Escribió Oscar Wilde, allá por el siglo XIX, que el arte es inútil.
Eugene Ionesco, dramaturgo francés del siglo XX y uno de los representantes del teatro del absurdo, declaró que «si es absolutamente necesario que el arte o el teatro sirvan para algo, será para enseñar a la gente que hay actividades que no sirven para nada y que es indispensable que las haya».
En 2006, Paul Auster, el escritor norteamericano que falleció hace tan solo unos meses, aseguró al recoger el Premio Príncipe de Asturias de las Letras que el arte es inútil y en esa inutilidad reside su valor. «El arte es inútil, pero ¿qué tiene de malo la inutilidad? Yo sostengo que el valor del arte reside en su misma inutilidad».
Según la RAE, útil es aquello que proporciona provecho, comodidad, fruto o interés. Entonces, para considerar la utilidad del arte deberíamos preguntarnos qué provecho, fruto o interés nos proporciona. ¿Qué provecho tiene el arte en nuestras vidas, en cualquier vida?
Si tuviera que buscar, porque me viera obligada a hacerlo, una utilidad al arte diría que aparte del placer que proporciona per se, el arte nos sirve para conocer, para conocernos, para aprender. El arte es fuente de conocimiento y una fuente inagotable de autoconocimiento, nos dice quiénes somos en cada momento de nuestras vidas. El arte nos sirve para reflexionar y para conmovernos. Tan saturados como estamos de información, es a menudo a través del arte como logramos parar nuestra mirada y nuestro pensamiento en determinadas cosas.
Pero no quiero hablar de la utilidad del arte. Todo lo contrario. Porque me pregunto: ¿por qué todo tiene que servir para algo? ¿Quién decide qué es útil y para qué?

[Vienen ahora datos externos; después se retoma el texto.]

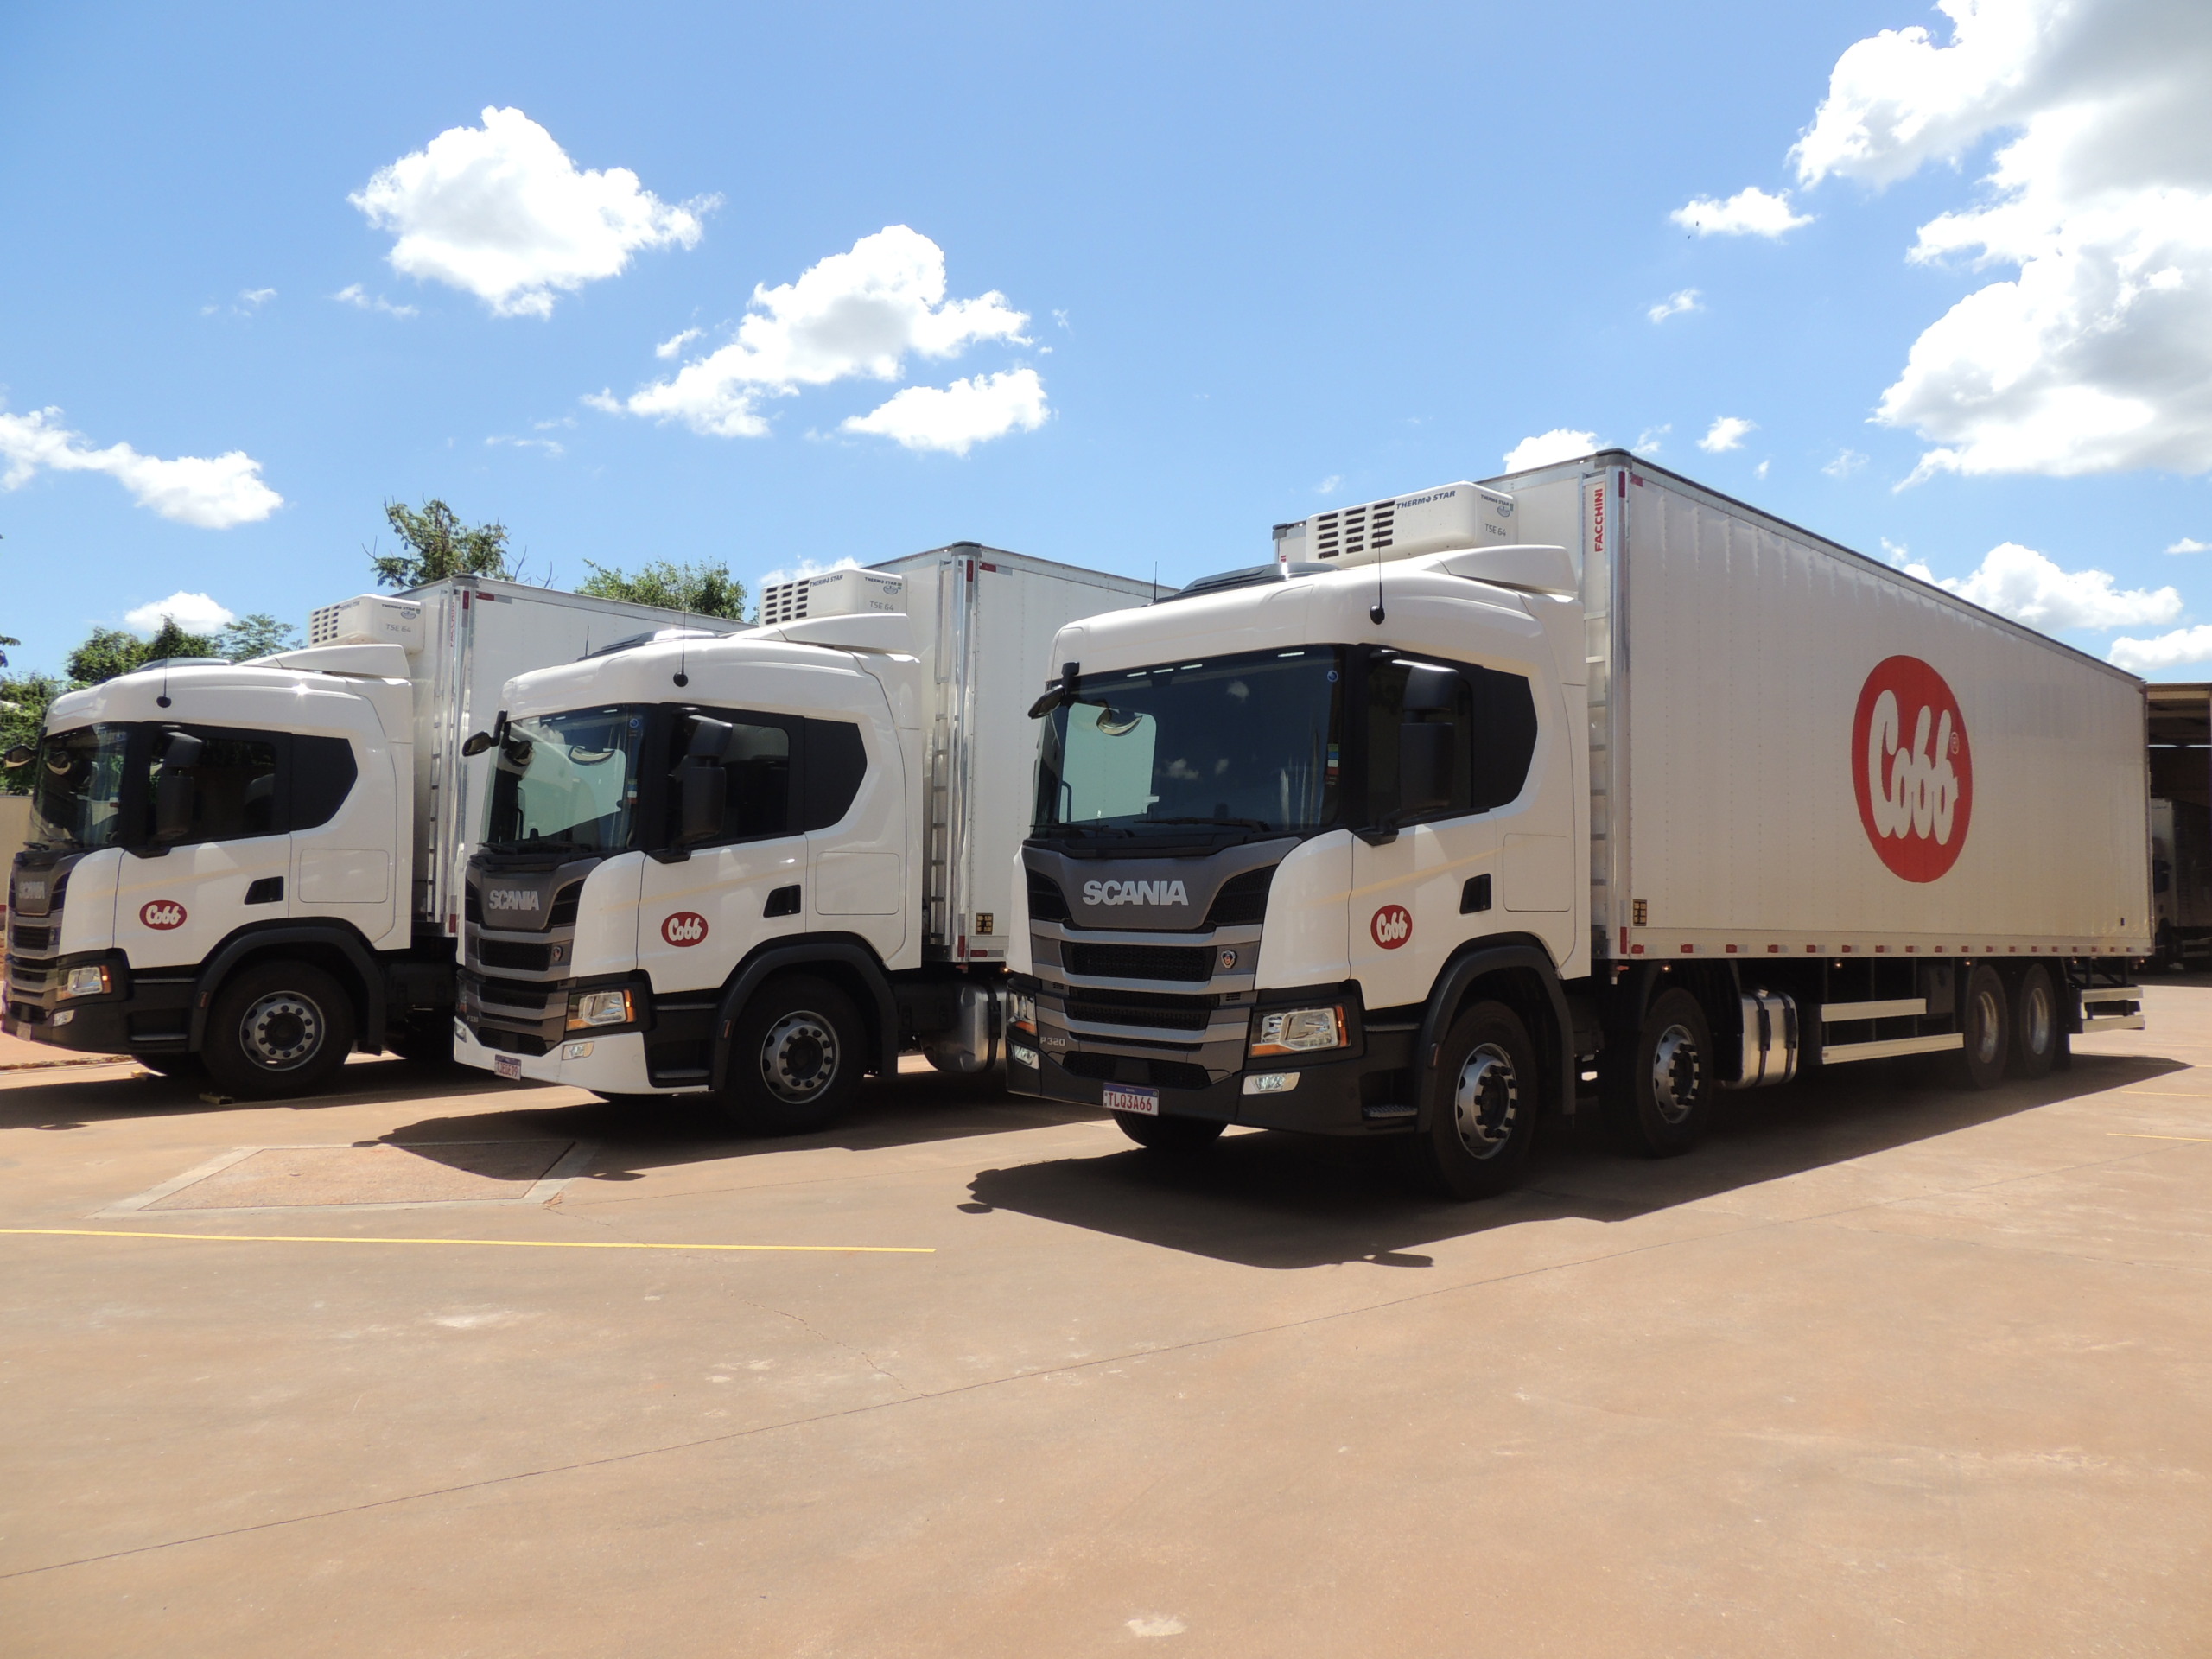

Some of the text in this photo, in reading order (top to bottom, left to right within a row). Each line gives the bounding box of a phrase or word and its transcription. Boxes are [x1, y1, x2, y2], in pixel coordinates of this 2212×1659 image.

[1396, 491, 1456, 509] THERMO STAR
[1485, 523, 1506, 537] TSE 64
[830, 574, 843, 582] STAR
[870, 601, 894, 612] TSE 64
[386, 623, 400, 632] TSE
[489, 889, 539, 910] SCANIA
[1083, 880, 1189, 906] SCANIA
[146, 904, 181, 925] Cobb
[668, 917, 703, 942] Cobb
[1376, 910, 1408, 943] Cobb
[1047, 1037, 1065, 1046] 320
[1109, 1092, 1152, 1112] TLQ3A66

¿Acaso, en una sociedad utilitarista como la nuestra, hacer cosas cuya utilidad (o utilitarismo) no se percibe, por ejemplo, dedicar tiempo al arte, no es lo que nos diferencia de otras especies animales? ¿Por qué no podemos dedicar tiempo a lo que no tiene utilidad?

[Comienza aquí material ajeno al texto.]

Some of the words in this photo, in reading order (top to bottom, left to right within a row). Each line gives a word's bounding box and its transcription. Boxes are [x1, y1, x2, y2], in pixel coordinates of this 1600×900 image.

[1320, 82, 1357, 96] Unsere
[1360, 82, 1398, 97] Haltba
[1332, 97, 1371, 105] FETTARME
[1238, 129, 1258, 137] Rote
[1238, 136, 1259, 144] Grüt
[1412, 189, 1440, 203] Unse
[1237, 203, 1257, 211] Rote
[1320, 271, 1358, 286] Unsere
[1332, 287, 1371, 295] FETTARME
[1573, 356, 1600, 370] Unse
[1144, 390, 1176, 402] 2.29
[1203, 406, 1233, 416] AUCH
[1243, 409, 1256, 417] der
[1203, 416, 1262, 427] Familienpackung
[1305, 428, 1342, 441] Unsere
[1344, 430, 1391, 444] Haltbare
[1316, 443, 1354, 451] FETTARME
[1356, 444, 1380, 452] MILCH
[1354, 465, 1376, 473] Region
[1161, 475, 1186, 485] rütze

Los hombres no somos sino una especie animal más que vive en este planeta. Como animales que somos nos rigen las mismas leyes de supervivencia que al resto. No podemos subsistir sin aire, sin comida o sin agua. Yo añado: no podemos vivir sin arte.
Por supuesto hablo del arte fuera de lo que es el mercado del arte, que como mercado que es, se rige por sus propias normas y funciona en base a la obtención de unos beneficios para las partes implicadas. Hablo del arte que está al alcance de la mano de cualquiera de nosotros, como creadores o como receptores de la obra artística, de las obras artísticas.
¿Qué seríamos si nos limitáramos a comer y beber y subsistir? ¿Acaso no es el arte lo que nos distingue de otras especies animales y nos proporciona otro tipo de vida más allá de la mera subsistencia, una vida que trasciende la biología? ¿No es el arte lo que nos hace esencialmente humanos?
Mario Vargas Llosa, Premio Nobel de Literatura, dijo en su discurso al recoger el galardón en 2010 que «un mundo sin literatura sería un mundo sin deseos ni ideales ni desacatos, un mundo de autómatas privados de lo que hace que el ser humano sea de veras humano: la capacidad de salir de sí mismo y mudarse en otro, en otros, modelados con la arcilla de nuestros sueños». Eso es lo que seríamos sin deseos, sin sueños, sin arte. Autómatas.
El arte, como escribió Nietzsche, nos sirve para no morir de realidad. Salgamos de nuestra realidad a través del arte. Vivamos nuestros deseos, nuestros sueños, vivamos otra vida o la nuestra, pero de otra manera a través del arte.
Yo seguiré deleitándome con las pinturas de Monet, las acuarelas de Turner o la música de Chet Baker. Seguiré leyendo y releyendo libros y poemas. Volveré a ver películas que he visto tanto que ya ni recuerdo el número de veces…. Te propongo que hagas lo mismo. Lee de nuevo esa novela, ese poema. Escucha de nuevo esa música. Vuelve a mirar, como si fuera la primera vez, o la última, esa pintura o esa fotografía. Busca esa película y dedica la tarde a verla. O pinta, escribe. Todo esto que te propongo no son lujos. Para mí no lo son. Para mí es una necesidad. Piénsalo, quizá para ti también.
Para terminar, vuelvo a Oscar Wilde. Le tomo prestada otra de sus frases para seguir rindiéndole honores: a mí dadme lo superfluo, que lo necesario todo el mundo puede tenerlo.
Ah, lo superfluo, esa cosa tan necesaria, que decía Voltaire.